Our God heard the cries of the people when they were caught in slavery in the land of Egypt and raised up a leader to bring them home.

In the end, what we find in the Book of Job are not easy answers to the question of why there is suffering. In fact, Job gets no answer or explanation for why so much was taken from him.
Instead, Job discovers that we are allowed to cry out when we suffer.
We should protest against injustice.
And we should open our lives and our hearts up to discover the ways that God is far powerful and more holy than we could ever imagine.
Before, Job had only heard about God.
But in the midst of his suffering and his yearning for truth, he encountered the very presence of God.
God reached out to him and in the process, Job found himself having a real, deepened, humble relationship with the Lord.
In our lives, we will face difficulties.
We will encounter diagnosis and questions that we cannot comprehend.
We will find ourselves asking why such awful things are happening in the world.
In these last few weeks, I have heard this very community raising up cries of concern for the death of loved ones, illness, wildfires, mass shootings, war, hunger, and homelessness.
None of these situations are deserved.
Innocent lives are impacted or harmed or taken far too soon.
We want answers and solutions.
And I think what we discover in the Book of Job is that there is no quick fix for the problems of this world. We can’t explain away why these things happen in a few words.
What we find instead is the presence of a God who is with us in the midst of it.
A God who hears every cry.
A God who seeks, in the words of Sharon Lynn Putt, “not to condemn and punish but to reconcile, to redeem, and to restore all of us to each other and to God.”

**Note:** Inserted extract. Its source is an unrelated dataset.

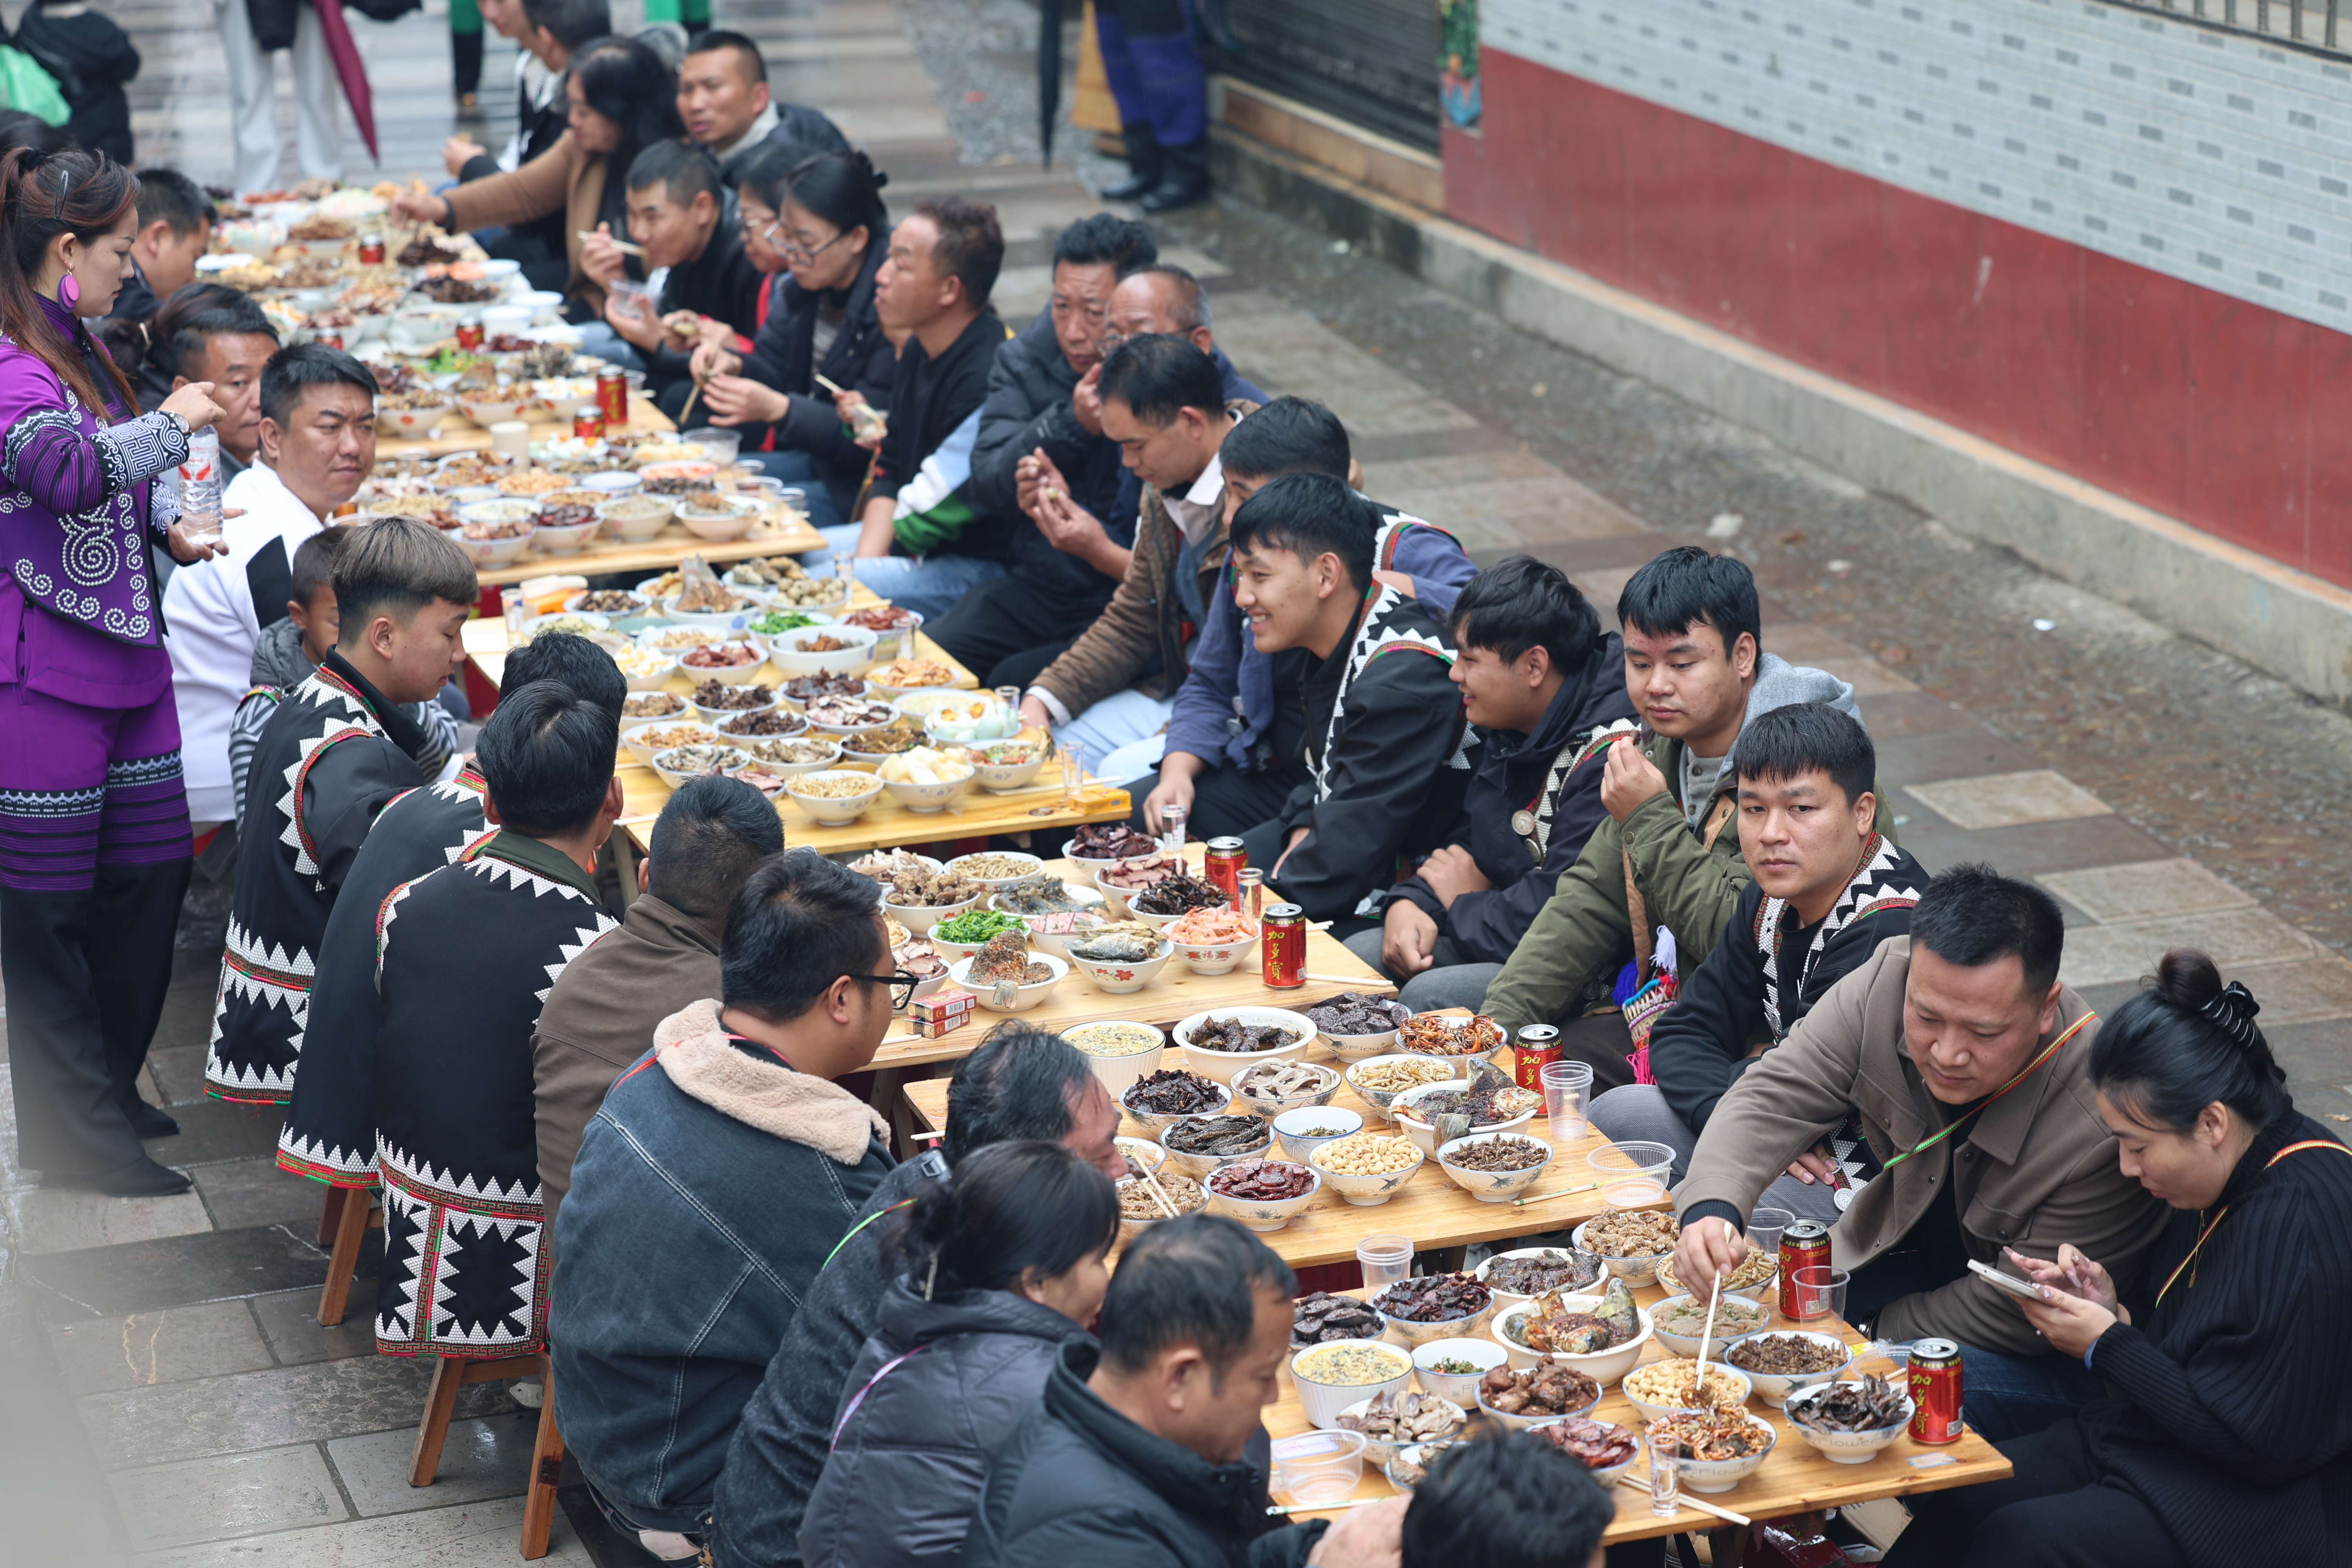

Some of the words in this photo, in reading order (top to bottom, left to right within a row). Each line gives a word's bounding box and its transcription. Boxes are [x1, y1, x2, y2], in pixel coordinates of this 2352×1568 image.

[1349, 1043, 1396, 1051] Flower
[1520, 1055, 1541, 1092] 加多
[1818, 1437, 1877, 1447] Flower

In the verses that we skipped in our reading for today, God reaches out to Job and invites him to offer up prayers and offerings for those three friends who had such a limited understanding of what was happening in Job’s life.
You see, even in the midst of restoring Job’s possessions, God is also working to redeem those relationships between Job and his friends.
And God is working to help transform and expand their understanding of how this world hangs together, too.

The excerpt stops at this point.